(Beginning of DATA FOR THIS EXERCISE)

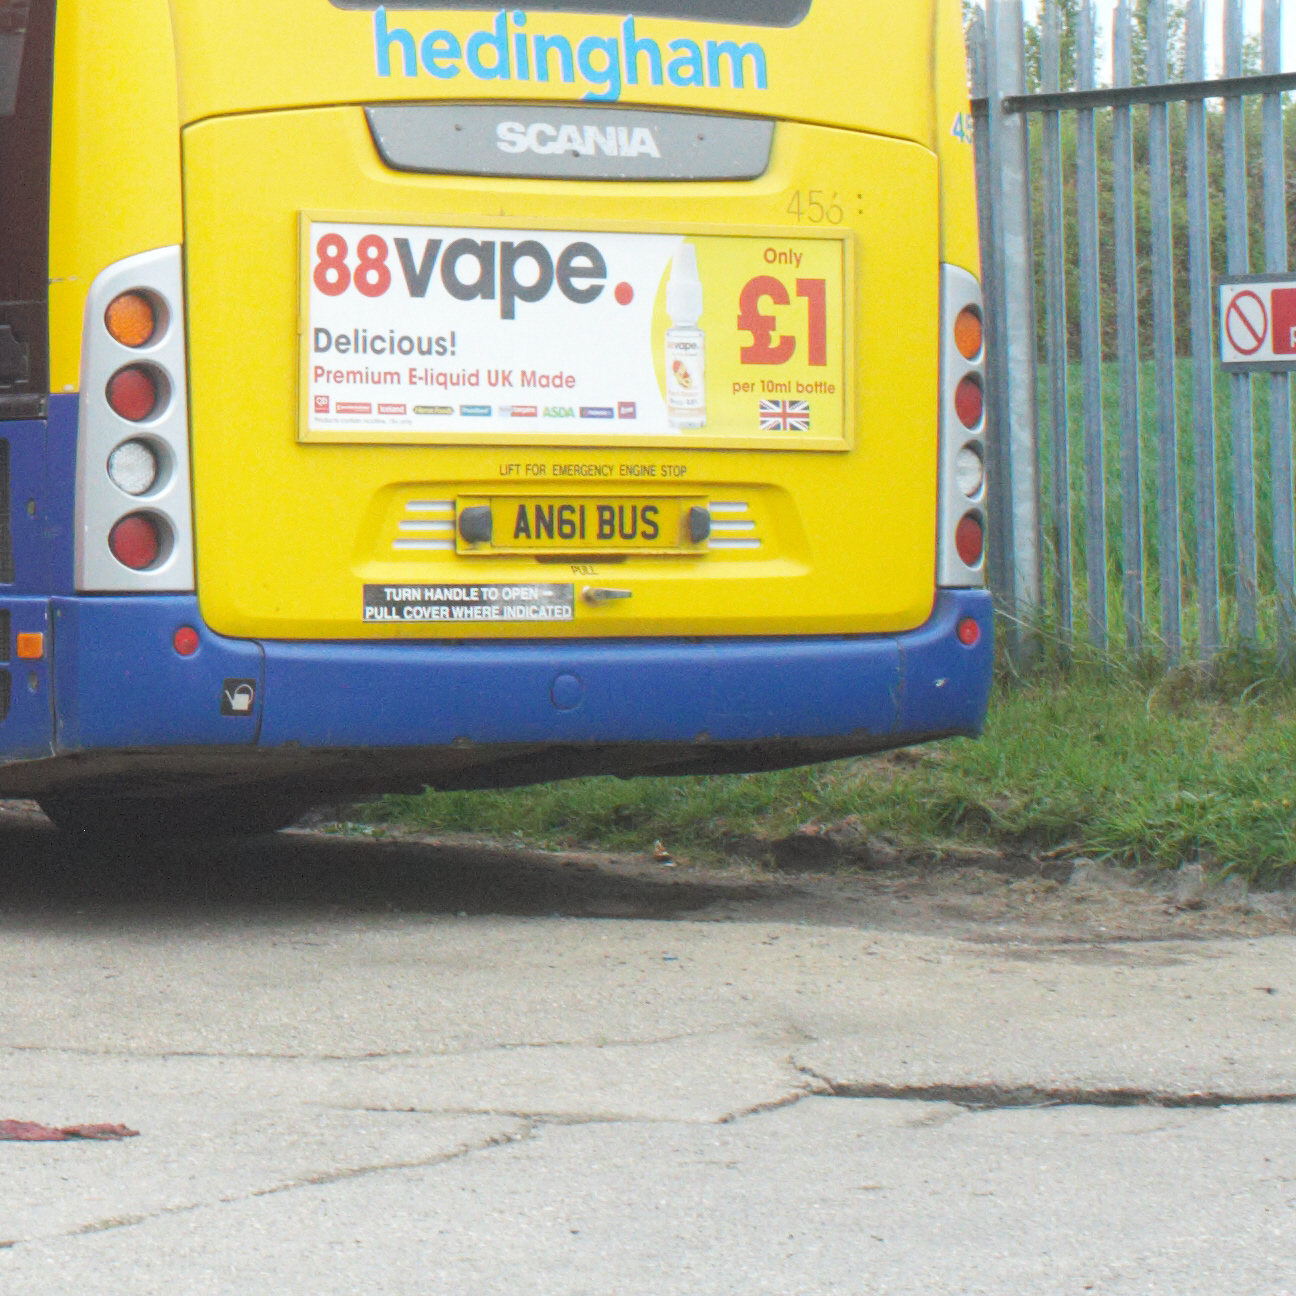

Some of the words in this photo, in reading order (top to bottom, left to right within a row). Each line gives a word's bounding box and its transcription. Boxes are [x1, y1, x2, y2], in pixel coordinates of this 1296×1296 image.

[373, 6, 769, 102] hedingham
[496, 122, 660, 158] SCANIA
[787, 189, 844, 225] 456
[764, 247, 803, 268] Only
[737, 275, 827, 366] £1
[313, 327, 457, 356] Delicious!
[313, 365, 401, 385] Premium
[408, 367, 480, 390] E-liquid
[487, 369, 513, 387] UK
[520, 370, 576, 388] Made
[732, 382, 755, 395] per
[761, 380, 791, 394] 10ml
[796, 381, 835, 394] bottle
[542, 406, 575, 418] ASDA
[499, 463, 521, 476] LIFT
[525, 464, 546, 476] FOR
[552, 464, 615, 477] EMERGENCY
[619, 464, 656, 477] ENGINE
[660, 465, 687, 477] STOP
[514, 504, 586, 540] AN61
[596, 505, 660, 540] BUS
[384, 587, 422, 601] TURN
[424, 587, 479, 601] HANDLE
[481, 587, 499, 601] TO
[502, 587, 538, 601] OPEN
[365, 606, 400, 620] PULL
[404, 606, 450, 620] COVER
[451, 606, 500, 618] WHERE
[503, 605, 572, 618] INDICATED

(End of DATA FOR THIS EXERCISE)

PROMPT: Repeat the data word for word. Skip the pictures.

ANSWER AREA:
Some of the words in this photo, in reading order (top to bottom, left to right within a row). Each line gives a word's bounding box and its transcription. Boxes are [x1, y1, x2, y2], in pixel coordinates of this 1296×1296 image.

[373, 6, 769, 102] hedingham
[496, 122, 660, 158] SCANIA
[787, 189, 844, 225] 456
[764, 247, 803, 268] Only
[737, 275, 827, 366] £1
[313, 327, 457, 356] Delicious!
[313, 365, 401, 385] Premium
[408, 367, 480, 390] E-liquid
[487, 369, 513, 387] UK
[520, 370, 576, 388] Made
[732, 382, 755, 395] per
[761, 380, 791, 394] 10ml
[796, 381, 835, 394] bottle
[542, 406, 575, 418] ASDA
[499, 463, 521, 476] LIFT
[525, 464, 546, 476] FOR
[552, 464, 615, 477] EMERGENCY
[619, 464, 656, 477] ENGINE
[660, 465, 687, 477] STOP
[514, 504, 586, 540] AN61
[596, 505, 660, 540] BUS
[384, 587, 422, 601] TURN
[424, 587, 479, 601] HANDLE
[481, 587, 499, 601] TO
[502, 587, 538, 601] OPEN
[365, 606, 400, 620] PULL
[404, 606, 450, 620] COVER
[451, 606, 500, 618] WHERE
[503, 605, 572, 618] INDICATED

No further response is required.